AI Article Synopsis

  • Programmable nucleic acid nanoparticles (NANPs) enable targeted coordination of therapeutic nucleic acids (TNAs) and can stimulate specific immune responses, offering customization options in treatment methods.
  • Recent advancements in polymeric carriers enhance the protection of nucleic acids from degradation and improve their delivery inside cells.
  • A study comparing different NANP structures shows variations in their effectiveness for gene silencing, immunostimulation, and movement within the body, with fibrous NANPs being particularly promising for TNA delivery.

Article Abstract

Programmable nucleic acid nanoparticles (NANPs) provide controlled coordination of therapeutic nucleic acids (TNAs) and other biological functionalities. Beyond multivalence, recent reports demonstrate that NANP technology can also elicit a specific immune response, adding another layer of customizability to this innovative approach. While the delivery of nucleic acids remains a challenge, new carriers are introduced and tested continuously. Polymeric platforms have proven to be efficient in shielding nucleic acid cargos from nuclease degradation while promoting their delivery and intracellular release.

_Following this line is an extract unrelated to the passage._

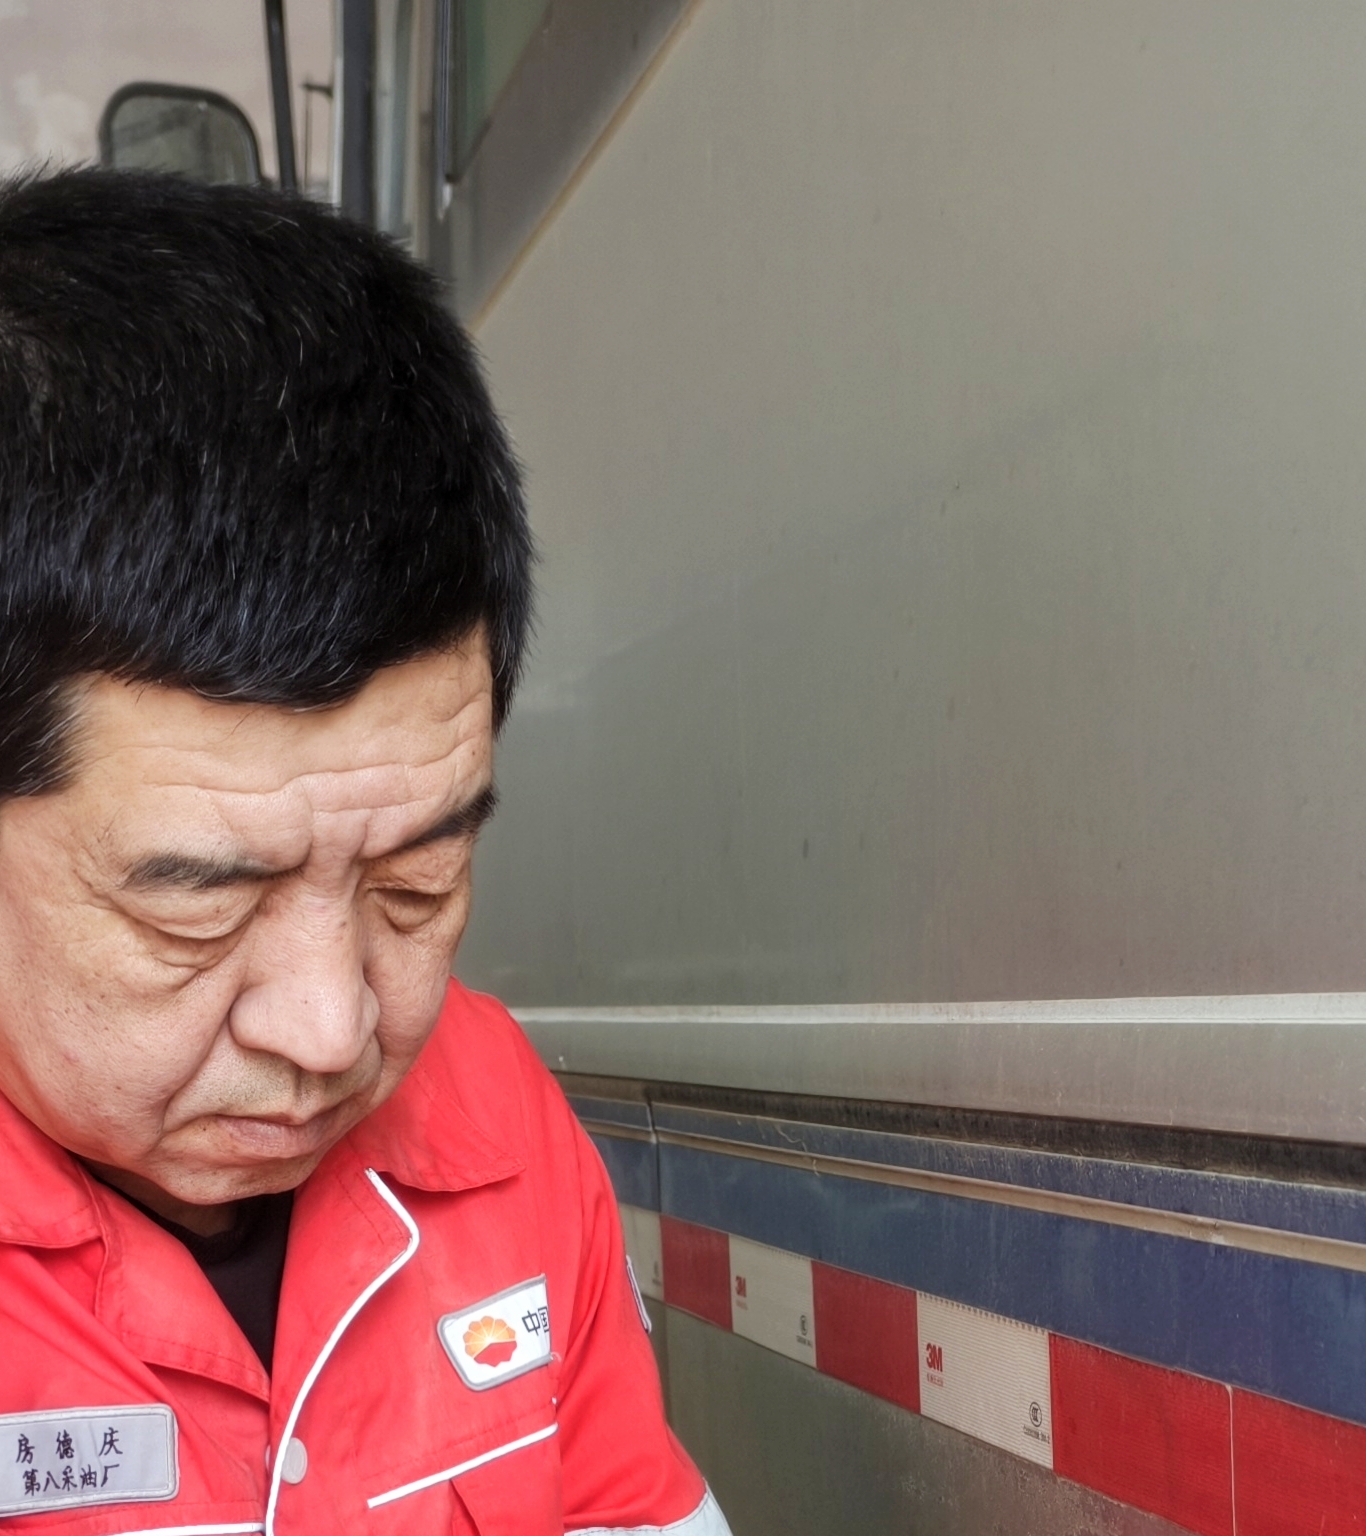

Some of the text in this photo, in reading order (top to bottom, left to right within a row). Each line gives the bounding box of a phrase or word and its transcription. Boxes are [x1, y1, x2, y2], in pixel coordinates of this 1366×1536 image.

[926, 1343, 943, 1372] 3M
[23, 1464, 120, 1496] 第八采油厂
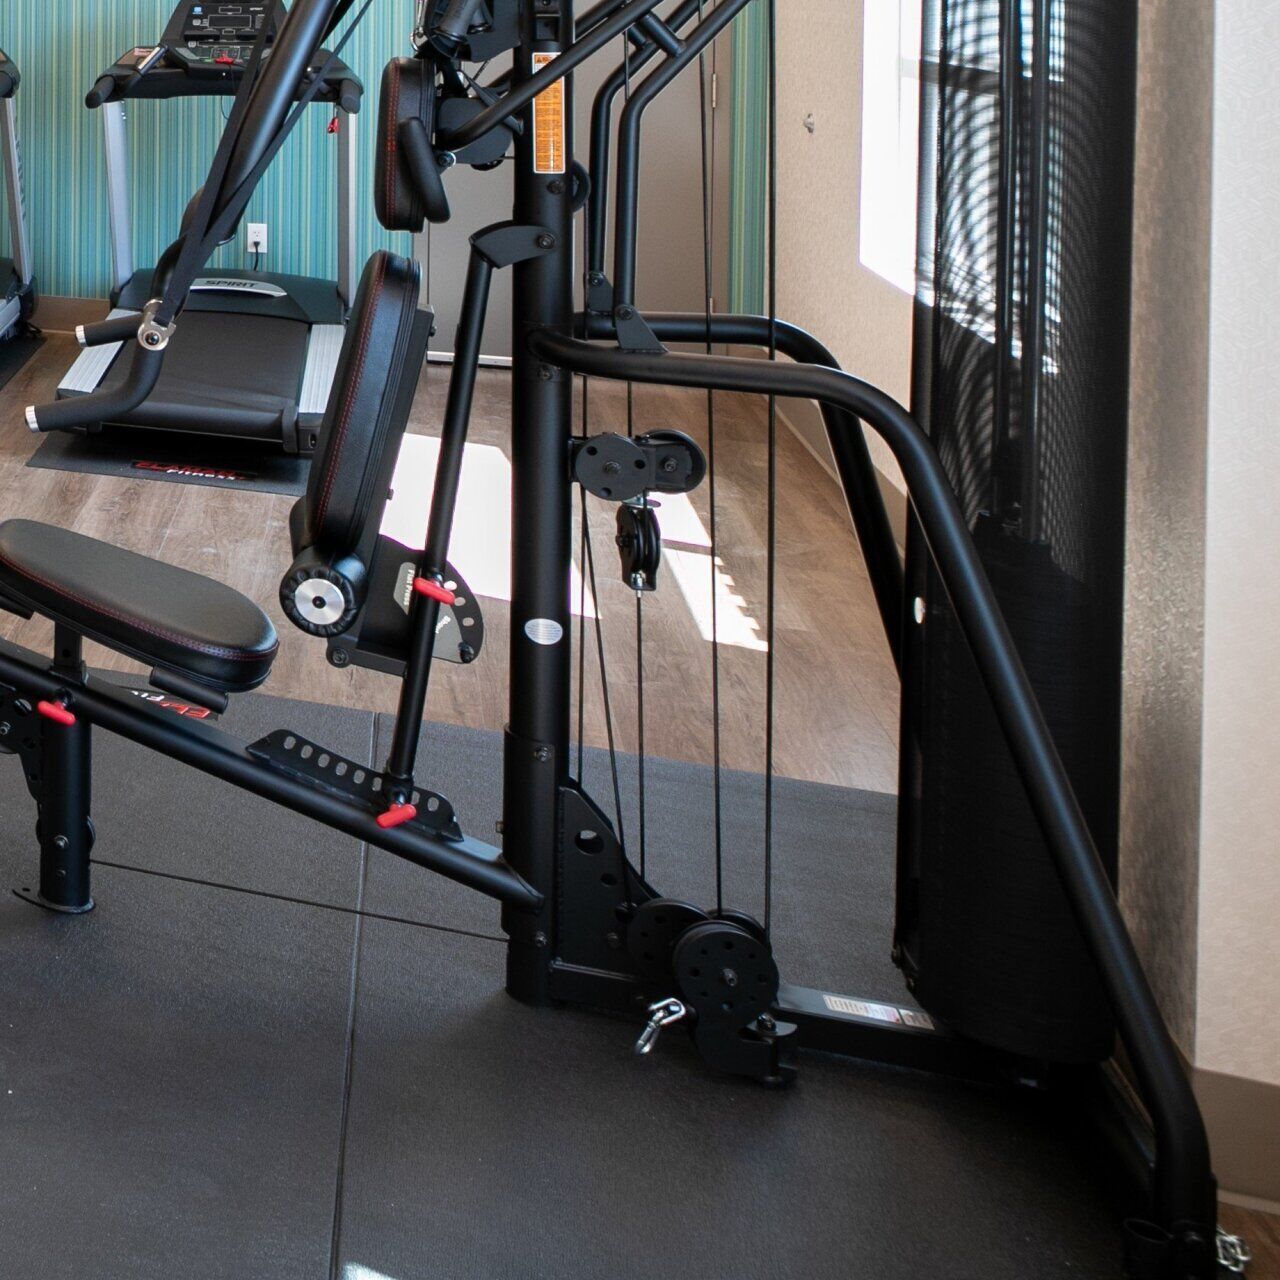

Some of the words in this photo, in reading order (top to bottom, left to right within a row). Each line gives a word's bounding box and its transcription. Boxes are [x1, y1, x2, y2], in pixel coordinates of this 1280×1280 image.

Here, we venture beyond the delivery of conventional TNAs and combine the stable cationic poly-(lactide-co-glycolide)-graft-polyethylenimine with functionalized NANPs. Furthermore, we compare several representative NANPs to assess how their overall structures influence their delivery with the same carrier. An extensive study of various formulations both in vitro and in vivo reveals differences in their immunostimulatory activity, gene silencing efficiency, and biodistribution, with fibrous NANPs advancing for TNA delivery.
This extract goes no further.